SELAMAT DATANG Tak ada sebuah perjuangan yang berujung dengan sia-sia بسم الله الرحمن الرحيم

Minggu, 20 Mei 2012

Mengapa Islam Diseru dari Makkah?


Mengapa Islam Diseru dari Makkah?, Kalau Anda ingin menyampaikan pesan ke selu­ruh penjuru, sebaiknya Anda berdiri di tengah, di jalur yang memudahkan pesan itu tersebar. Hindari tempat di mana ada kekuatan yang dapat mengha­langi atau merasa dirugikan. Kemudian pilih pe­nyampai pesan yang simpatik, berwibawa, dan ber­kemampuan sehingga menjadi daya tarik tersendiri. Timur Tengah adalah jalur penghubung Timur dan Barat, maka wajarlah jika ia menjadi tempat me­nyampaikan pesan Ilahi yang terakhir.
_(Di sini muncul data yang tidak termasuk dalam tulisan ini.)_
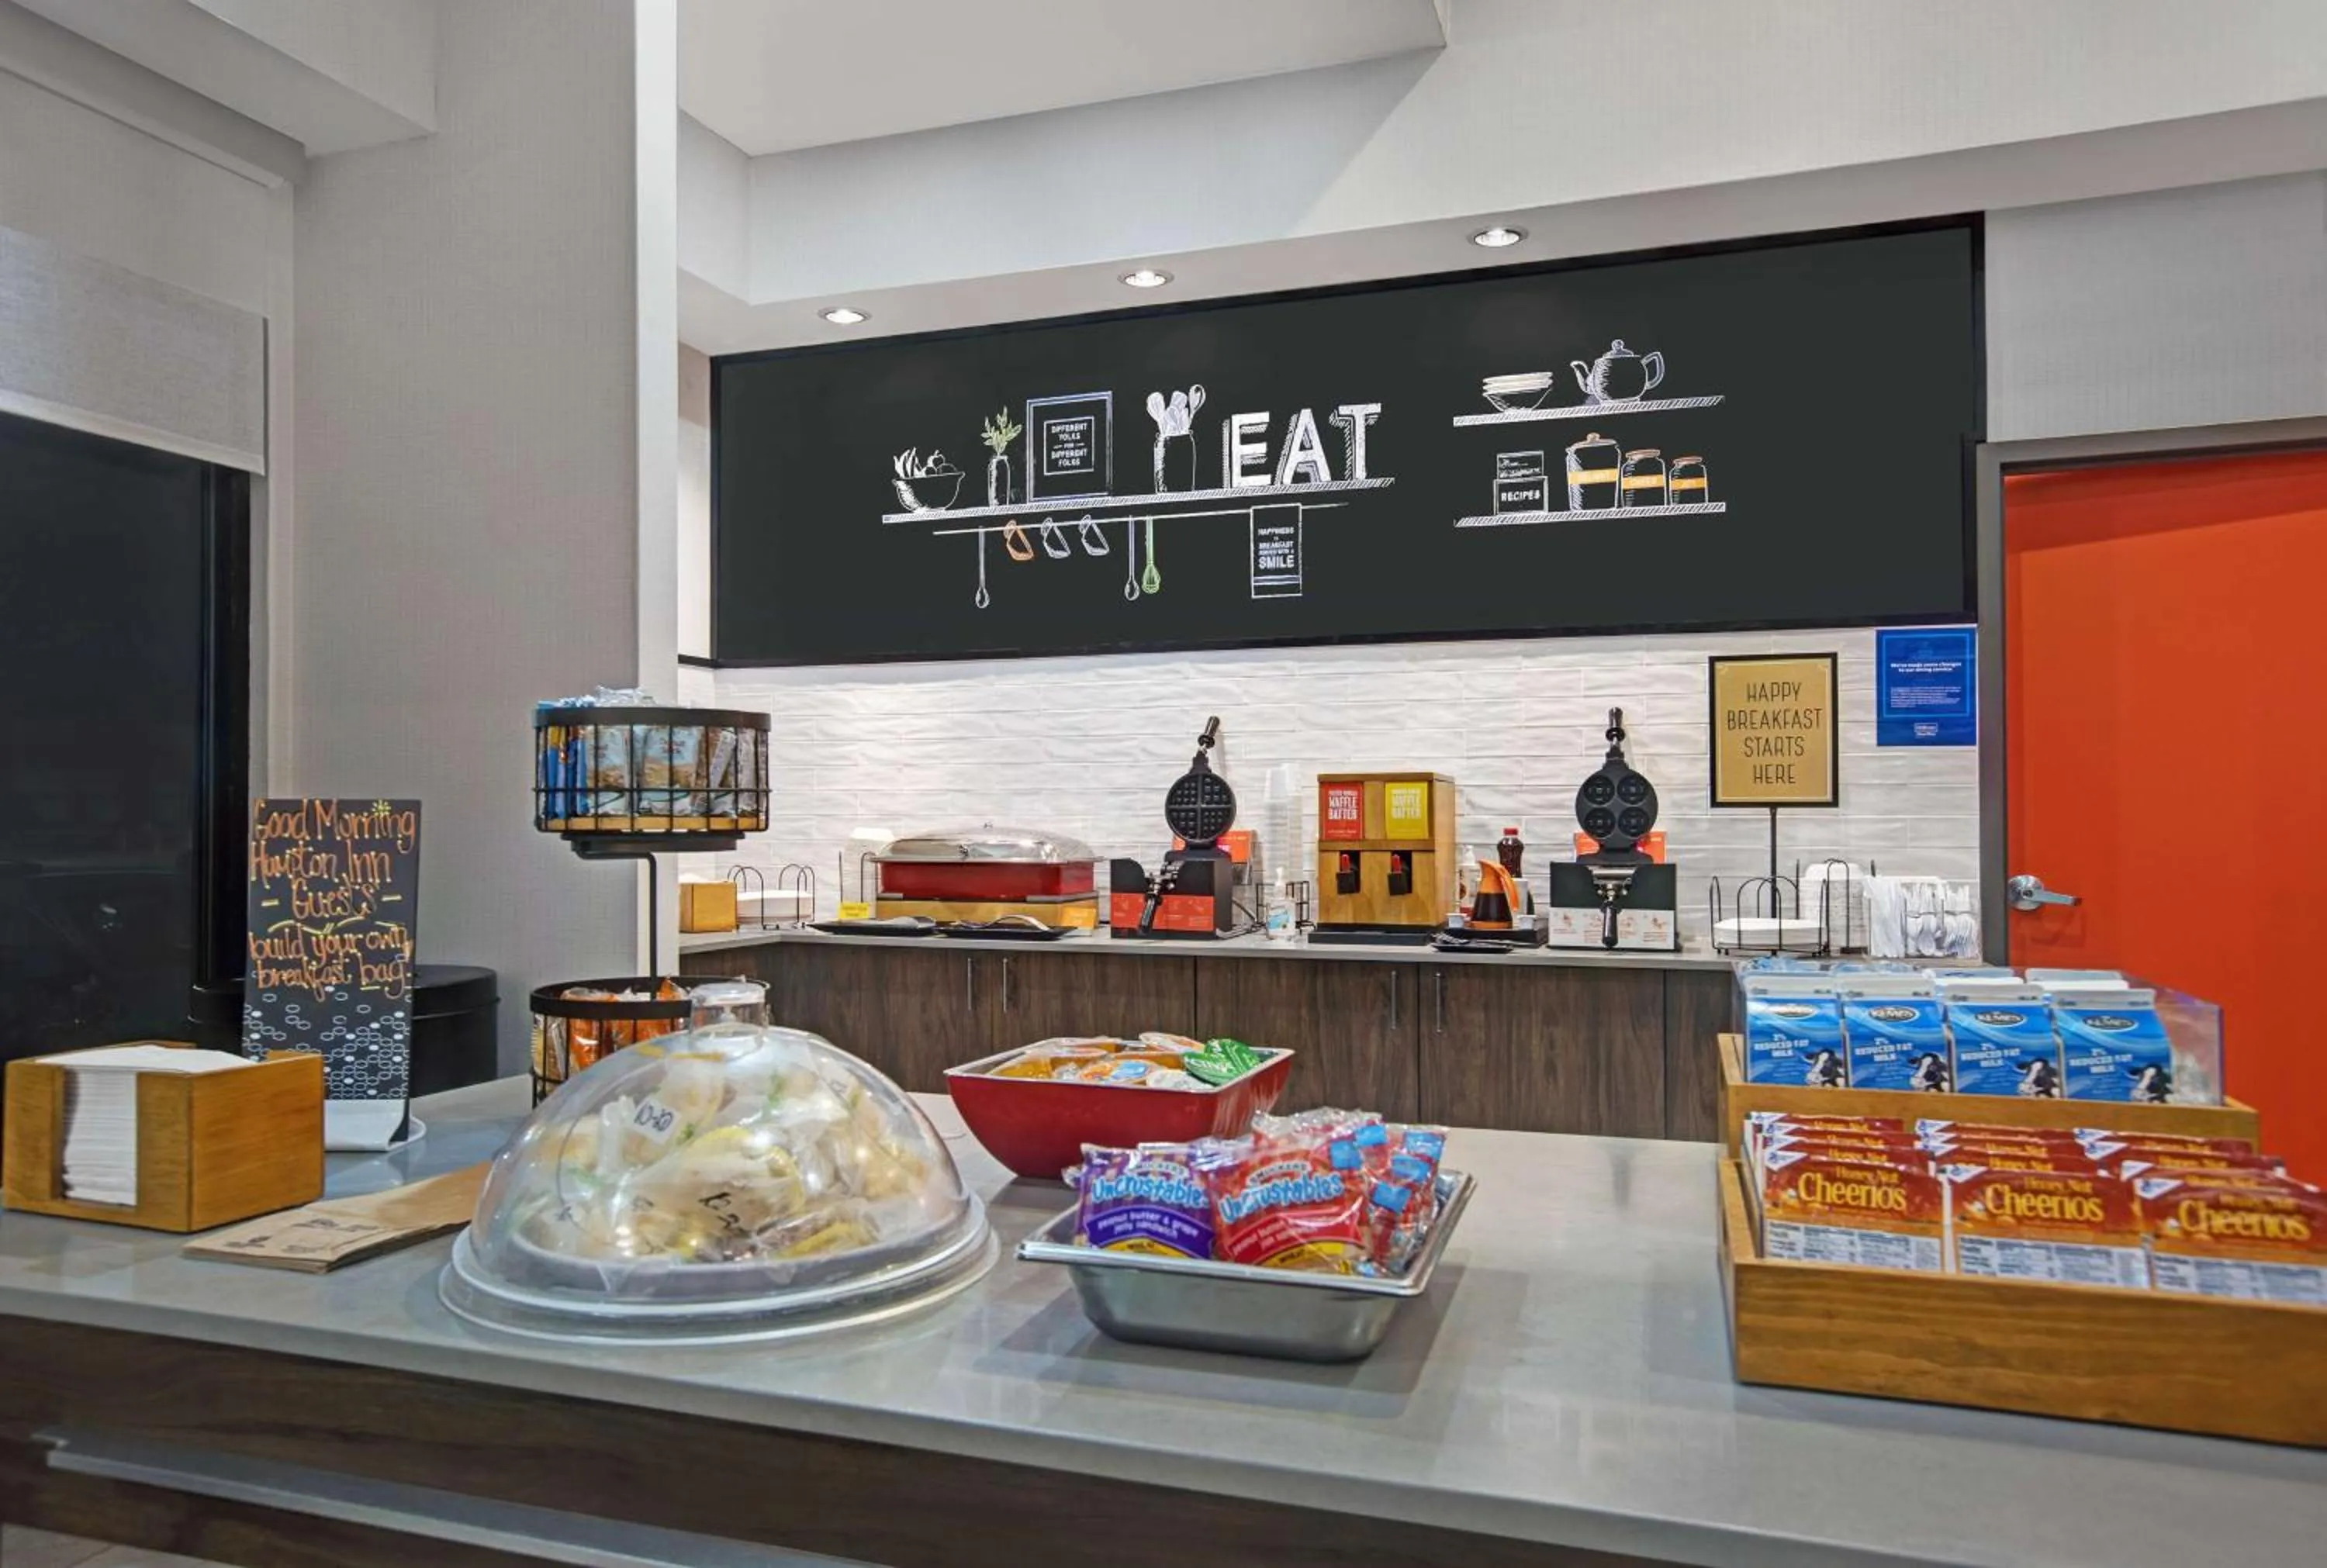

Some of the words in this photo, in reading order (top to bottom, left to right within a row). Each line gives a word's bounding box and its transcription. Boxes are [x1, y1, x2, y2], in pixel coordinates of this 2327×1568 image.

[1223, 403, 1381, 488] EAT
[1501, 489, 1541, 502] RECIPES
[1259, 555, 1295, 569] SMILE
[1747, 682, 1802, 703] HAPPY
[1727, 708, 1823, 730] BREAKFAST
[1744, 736, 1805, 758] STARTS
[1753, 764, 1796, 784] HERE
[1329, 796, 1357, 808] WAFFLE
[254, 797, 310, 840] Good
[313, 797, 415, 854] Morning
[250, 840, 340, 889] Hampton
[346, 839, 392, 883] Inn
[292, 872, 378, 919] Guests
[248, 922, 304, 960] build
[311, 933, 364, 969] your
[365, 925, 413, 952] own
[257, 953, 352, 1002] breakfast
[1799, 1173, 1907, 1211] Cheerios
[1876, 1169, 1899, 1184] Nut
[1219, 1172, 1344, 1224] Uncrustables
[1986, 1183, 2104, 1222] Cheerios
[2179, 1200, 2311, 1240] Cheerios
Pada masa Nabi Muhammad saw., yaitu abad ke-5 dan ke-6 Masehi, terdapat dua adikuasa. Pertama, Persia yang menyembah api dan ajaran Maz­dak mengenai kebebasan seks yang masih berbekas pada masyarakatnya sehingga permaisuri pun harus menjadi milik bersama.

Kedua, Romawi yang Nasrani yang juga masih dipengaruhi oleh budaya Kaisar Nero yang memperkosa ibunya sendiri dan mem­bakar habis kotanya.
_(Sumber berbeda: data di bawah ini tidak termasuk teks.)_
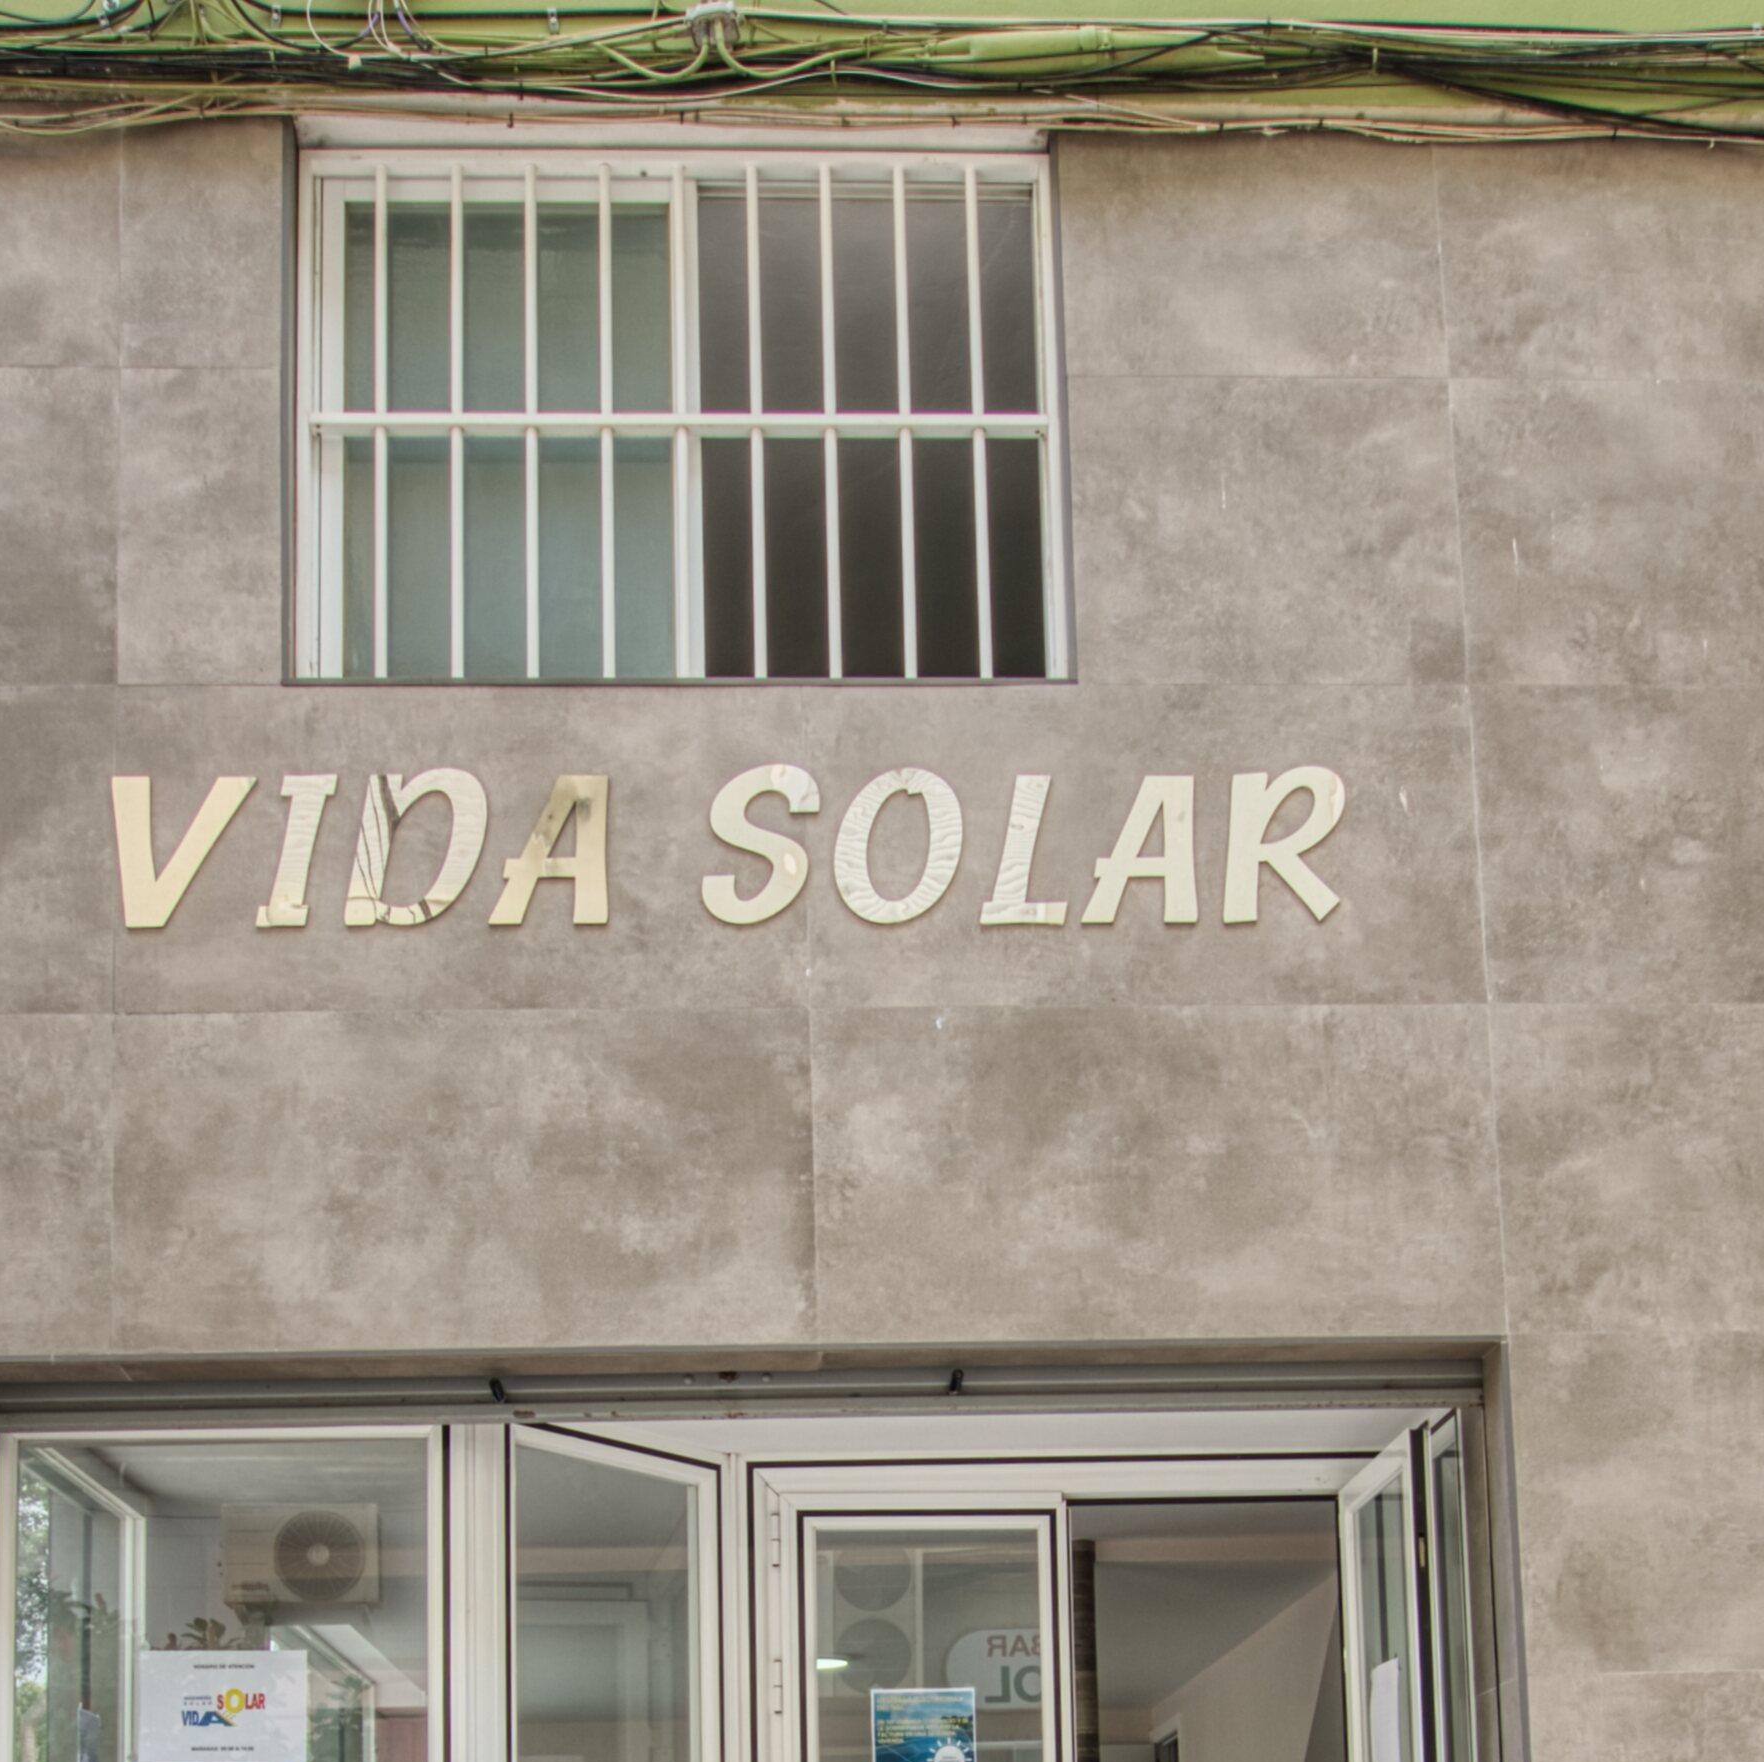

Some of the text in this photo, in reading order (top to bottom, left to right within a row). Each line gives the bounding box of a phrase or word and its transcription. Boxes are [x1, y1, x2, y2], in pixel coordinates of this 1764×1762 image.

[109, 762, 1347, 929] VIDA SOLAR
[181, 1688, 265, 1726] VIDA SOLAR
Kedua adikuasa ini bersitegang memperebut­kan wilayah Hijaz di Timur Tengah yang ketika itu belum terkuasai, walau upaya telah dilakukan secara halus oleh Utsman bin Huwairits (seorang antek Romawi), dan dengan kekerasan oleh Abrahah ber­sama pasukan bergajahnya. Dalih serangan Abrahah adalah penghinaan terhadap rumah ibadah yang dibangunnya di Yaman, sedang tujuannya adalah menguasai jalur Hijaz, dari Yaman menuju ke Syam, tapi tangan Tuhan menggagalkannya.

Bayangkanlah apa yang akan terjadi jika tauhid dikumandangkan di daerah kekuasaan Romawi atau Persia yang keyakinannya bertentangan dengan tau­hid. Di Hijaz ketika itu belum terpusat kekuasaan,dan kelompok-kelompok suku saling bermusuhan dan berebut pengaruh. Makkah (pusat Hijaz) adalah tempat para peda­gang dan seniman datang memamerkan dagangan serta karyanya. Di sinilah bertemu kafilah Selatan dan Utara, Timur dan Barat. Penduduk Makkah juga melakukan “perjalanan musim dingin dan musim panas” ke daerah Romawi dan Persia. Ini akan me­mudahkan penyebaran pesan.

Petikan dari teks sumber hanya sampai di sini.